Patto della Lettura, al via le adesioni a Teramo
La Giunta ha approvato il rinnovo del Patto, con due novità

Teramo. Nei giorni scorsi la Giunta Comunale ha approvato il rinnovo del Patto della Lettura del Comune di Teramo per il triennio 2026-2029, dando al via alle relative adesioni.
L’obiettivo è quello di rinnovare una rete territoriale già consolidata tra istituzioni, scuole, biblioteche, associazioni, librerie, operatori culturali, realtà sociale e soggetti privati, che prosegua nel percorso già avviato da tempo e che mira a promuovere la lettura come strumento di crescita sociale e culturale e come momento essenziale per la costruzione di una nuova idea di cittadinanza.
Due le novità del Patto 2026-2028: la prima, che mira a coinvolgere sempre più realtà, si concretizza nella possibilità, per tutti gli interessati, di aderire al Patto in qualsiasi momento del triennio; la seconda riguarda la costituzione di un tavolo di coordinamento composto dal Comune e dalla Biblioteca Delfico con funzioni di raccordo tra tutti i soggetti aderenti al Patto. Al tavolo di coordinamento competeranno, tra le altre cose, anche la definizione delle linee strategiche e dei programmi annuali di attività, il monitoraggio dei dati sulla lettura, l’attivazione di gruppi tematici, il coordinamento dei volontari.
Per aderire al Patto basterà compilare un apposito modulo, scaricabile dal sito dal Comune, cliccando sul seguente link e seguendo le relative indicazioni:
https://sportellotelematico.comune.teramo.it/action%3Ac_l103%3Aadesione.patto.cultura.
Al modulo dovrà essere allegata la descrizione del soggetto, della sua organizzazione e delle attività in relazione agli obiettivi del Patto e la documentazione potrà essere inoltrata al Comune o attraverso la relativa procedura telematica, accedendo al servizio tramite SPID O CIE sempre cliccando sullo stesso link e seguendo le relative indicazioni, o tramite PEC da inviare all’indirizzo mail affarigenerali@comune.teramo.pecpa.it.
L’avvio delle adesioni al nuovo Patto è stato presentato nei giorni scorsi in una riunione molto partecipata che si è svolta nei locali della Biblioteca Delfico.

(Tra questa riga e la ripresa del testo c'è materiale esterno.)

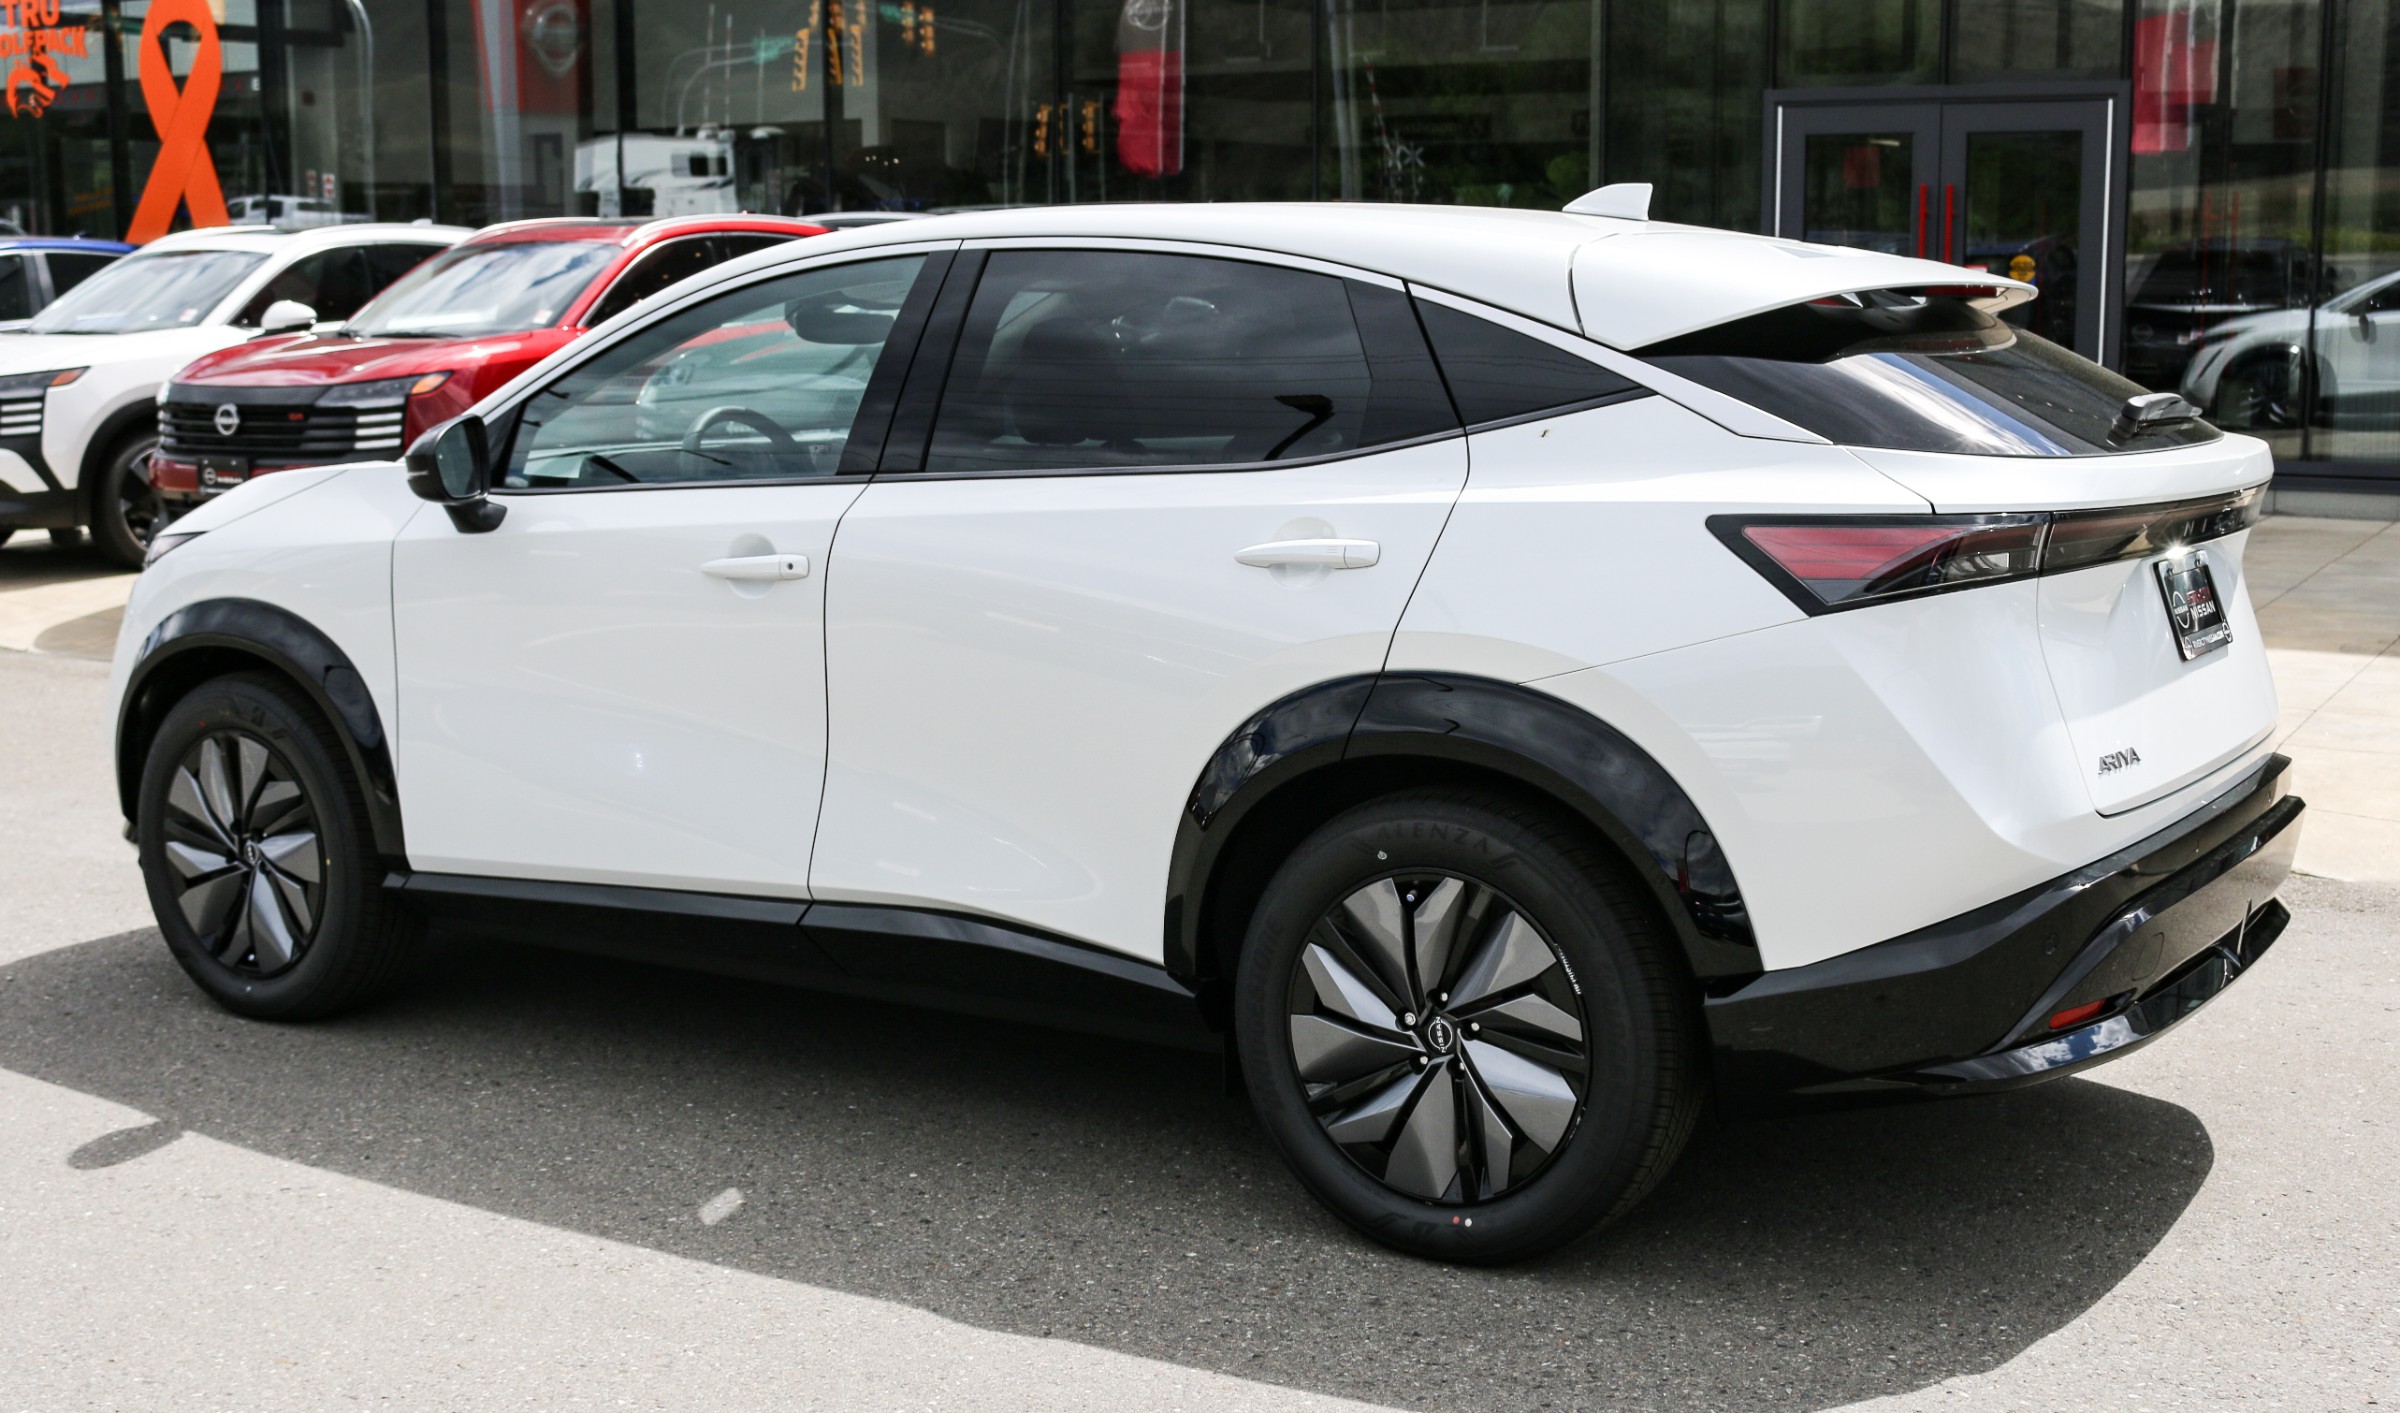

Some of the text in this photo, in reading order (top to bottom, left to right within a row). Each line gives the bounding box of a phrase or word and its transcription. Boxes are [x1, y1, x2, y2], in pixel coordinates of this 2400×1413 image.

“In questi anni abbiamo lavorato molto e con convinzione sulla promozione della Lettura, che rappresenta uno strumento fondamentale di crescita e di inclusione oltre che un tassello fondamentale di quella visione di sviluppo della nostra città che non può che passare per la cultura in tutte le sue espressioni – ha sottolineato l’Assessore alla Cultura Antonio Filipponi nel corso dell’incontro – Per questo nel 2020, come Amministrazione, abbiamo avviato un importante percorso con la Biblioteca che ha portato, nel 2021, alla nascita del Patto per la Lettura, a cui abbiamo creduto molto e nel quale continuiamo a credere con convinzione. Grazie a questo impegno Teramo ha ottenuto negli anni importanti riconoscimenti, quali il titolo di “Città che legge” e realizzato diversi e importanti progetti tra i quali l’apertura della “Casa del Patto”, che costituisce un fondamentale presidio culturale. Proseguiremo su questa strada, continuando a valorizzare lo straordinario capitale umano e culturale della città”.
“Il Patto rappresenta come uno straordinario strumento di crescita individuale e collettiva – ha commentato il Sindaco Gianguido D’Alberto – che intendiamo portare avanti anche alla luce dei risultati che abbiamo ottenuto in questi anni. Grazie al lavoro che abbiamo portato avanti insieme alla Biblioteca e alle associazioni siamo riusciti a portare la lettura in posti inaspettati, a realizzare progetti importanti di promozione della lettura, a coinvolgere la comunità. Un percorso importante, nel quale si è inserito anche l’accordo di valorizzazione della Biblioteca Delfico che abbiamo sottoscritto con la Regione e che, come ho sottolineato in più occasioni, non solo ha consentito di ampliare significativamente gli orari della struttura, ma che grazie all’inserimento di Palazzo Delfico e della Biblioteca Delfico nei luoghi del Polo Museale della Città di Teramo ha visto il Comune mettere a disposizione personale aiuto bibliotecario, oltre a quello addetto all’accoglienza e a personale volontario, e avviare una collaborazione strutturata anche nella progettazione e realizzazione delle attività di valorizzazione e diffusione del patrimonio culturale della stessa Biblioteca. La candidatura a Capitale italiana del libro, che vuol essere una candidatura di territorio, è la naturale prosecuzione del percorso che stiamo portando avanti e mira a valorizzare il lavoro portato avanti da tutti gli attori che stanno contribuendo alla crescita culturale della nostra città”.